Linear Regression Using Normal Equations and Polynomial Regression.
Linear Regression is a machine learning algorithm based on supervised learning. It performs a regression task. It is mostly used for finding out the relationship between variables and forecasting. This blog gives a brief idea of the two different regression algorithms and how they are derived mathematically using normal equations.
Data on two variables recorded simultaneously for a group of individuals is called bivariate data. Examples of bi-variate data are heights and weights of the students in a class, the rainfall, and the yield of paddy in a state for several consecutive years, etc.
When we have bi-variate data, we can, no doubt, consider the values of each variable separately to know the different measures like the mean and standard deviation of the variable; but here we are mainly concerned with two other problems.
Firstly, we want to study the nature and extent of association, if any, between the variables.
Secondly, if the variables are found to be associated we express one of them (regarded as the dependent variable) as a mathematical function of the other (considered as an independent variable), so that we can predict the value of the dependent variable when the value of the independent variable is known.
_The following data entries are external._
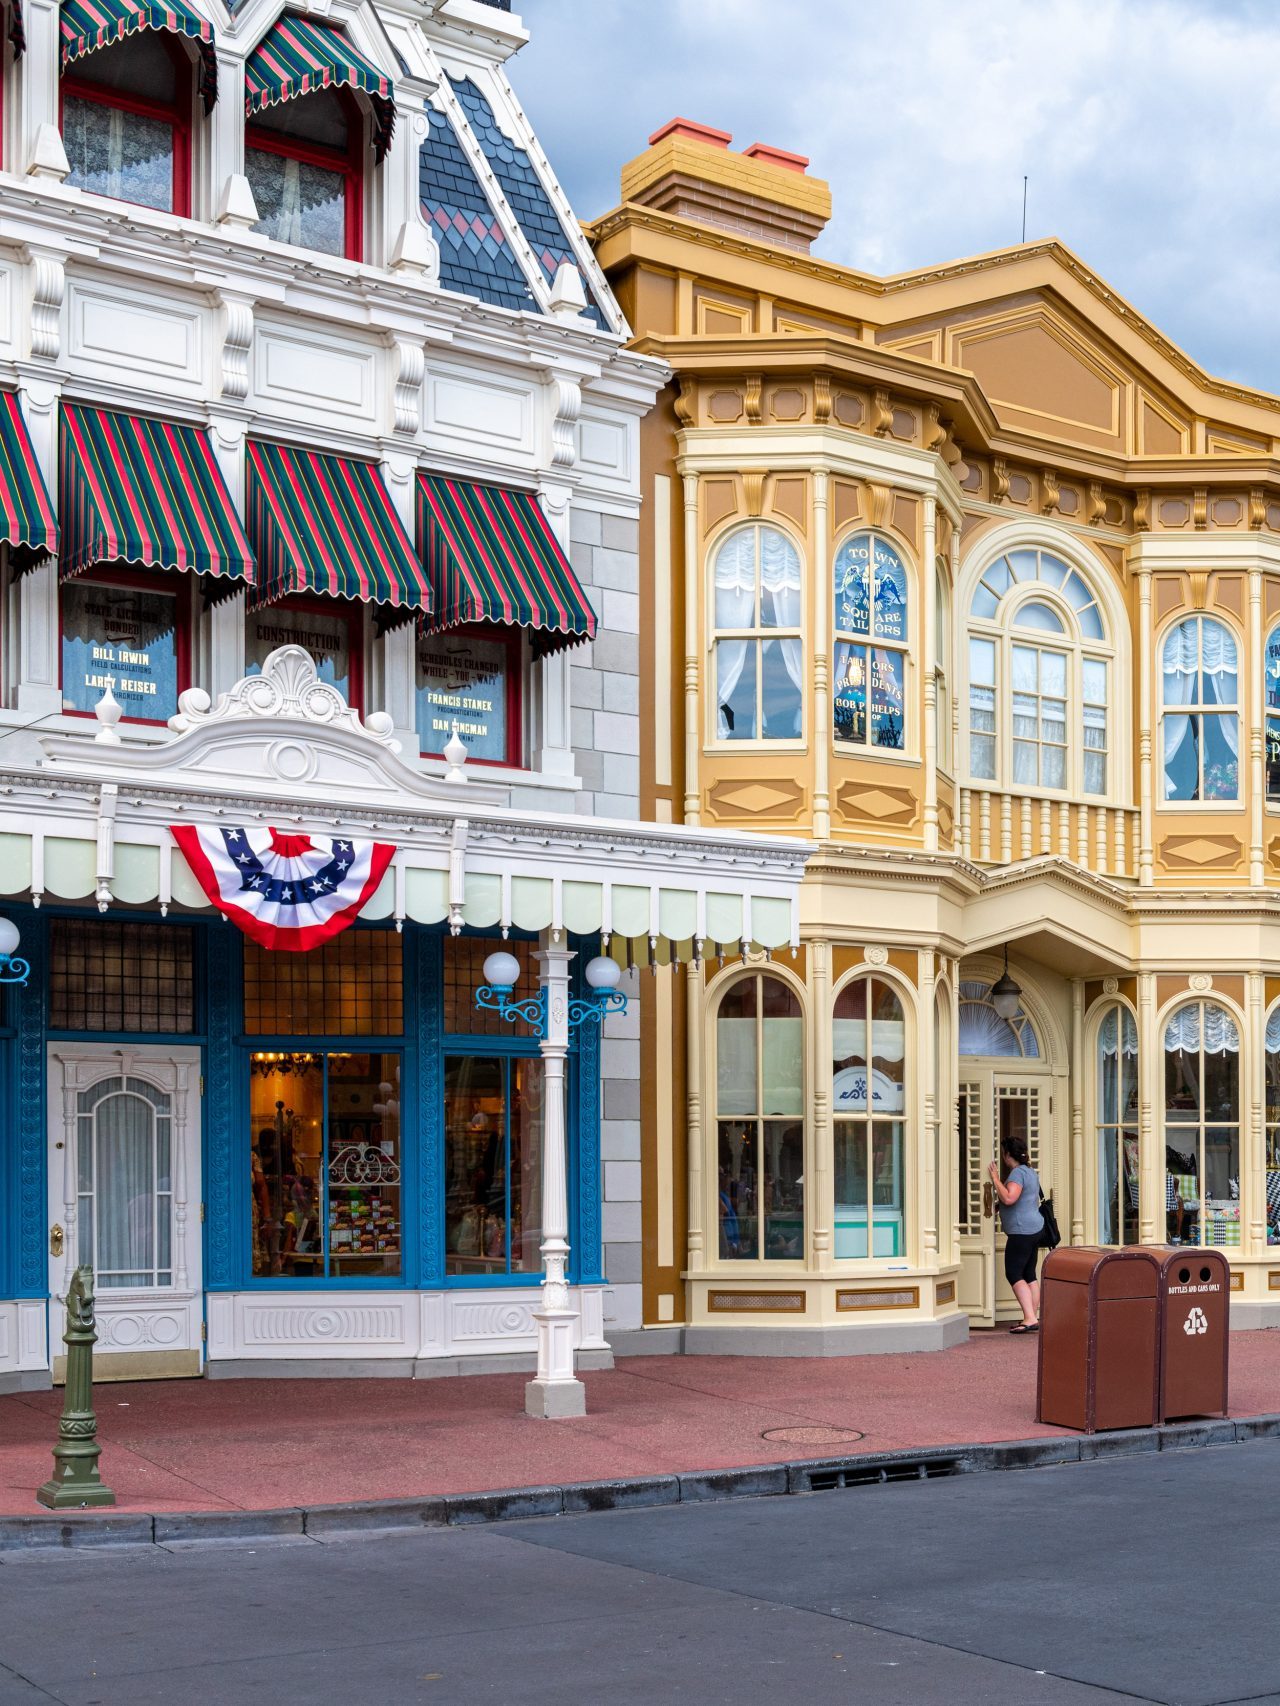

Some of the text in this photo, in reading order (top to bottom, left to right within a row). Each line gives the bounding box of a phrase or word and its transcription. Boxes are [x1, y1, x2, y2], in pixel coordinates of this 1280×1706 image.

[848, 548, 898, 568] TOWN
[85, 602, 112, 617] STATE
[842, 602, 901, 623] SQUARE
[104, 619, 139, 635] BONDED
[840, 616, 901, 636] TAILORS
[256, 625, 340, 651] CONSTRUCTION
[92, 647, 149, 666] BILL IRWIN
[420, 652, 499, 674] SCHEDULES CHANGED
[840, 655, 895, 673] TALORS
[91, 660, 152, 674] FIELD CALCULATIONS
[121, 679, 157, 694] REISER
[427, 693, 492, 712] FRANCIS STANEK
[836, 697, 900, 717] BOB PHELPS
[432, 718, 449, 731] DAN
[1168, 1283, 1220, 1294] BOTTLES AND CANS ONLY
The first problem is called correlation analysis and the second, regression analysis.
To find the relationship between continuous correlated variables we use linear regression. Linear regression looks for a statistical relationship between a set of correlated values. The representation is a linear equation that combines a specific set of input values (x) the solution to which is the predicted output for that set of input values (y). As such, both the input values (x) and the output value are numeric. When there is a single input variable (x), the method is referred to as simple linear regression. When there are multiple input variables,the method is referred to as multiple linear regression.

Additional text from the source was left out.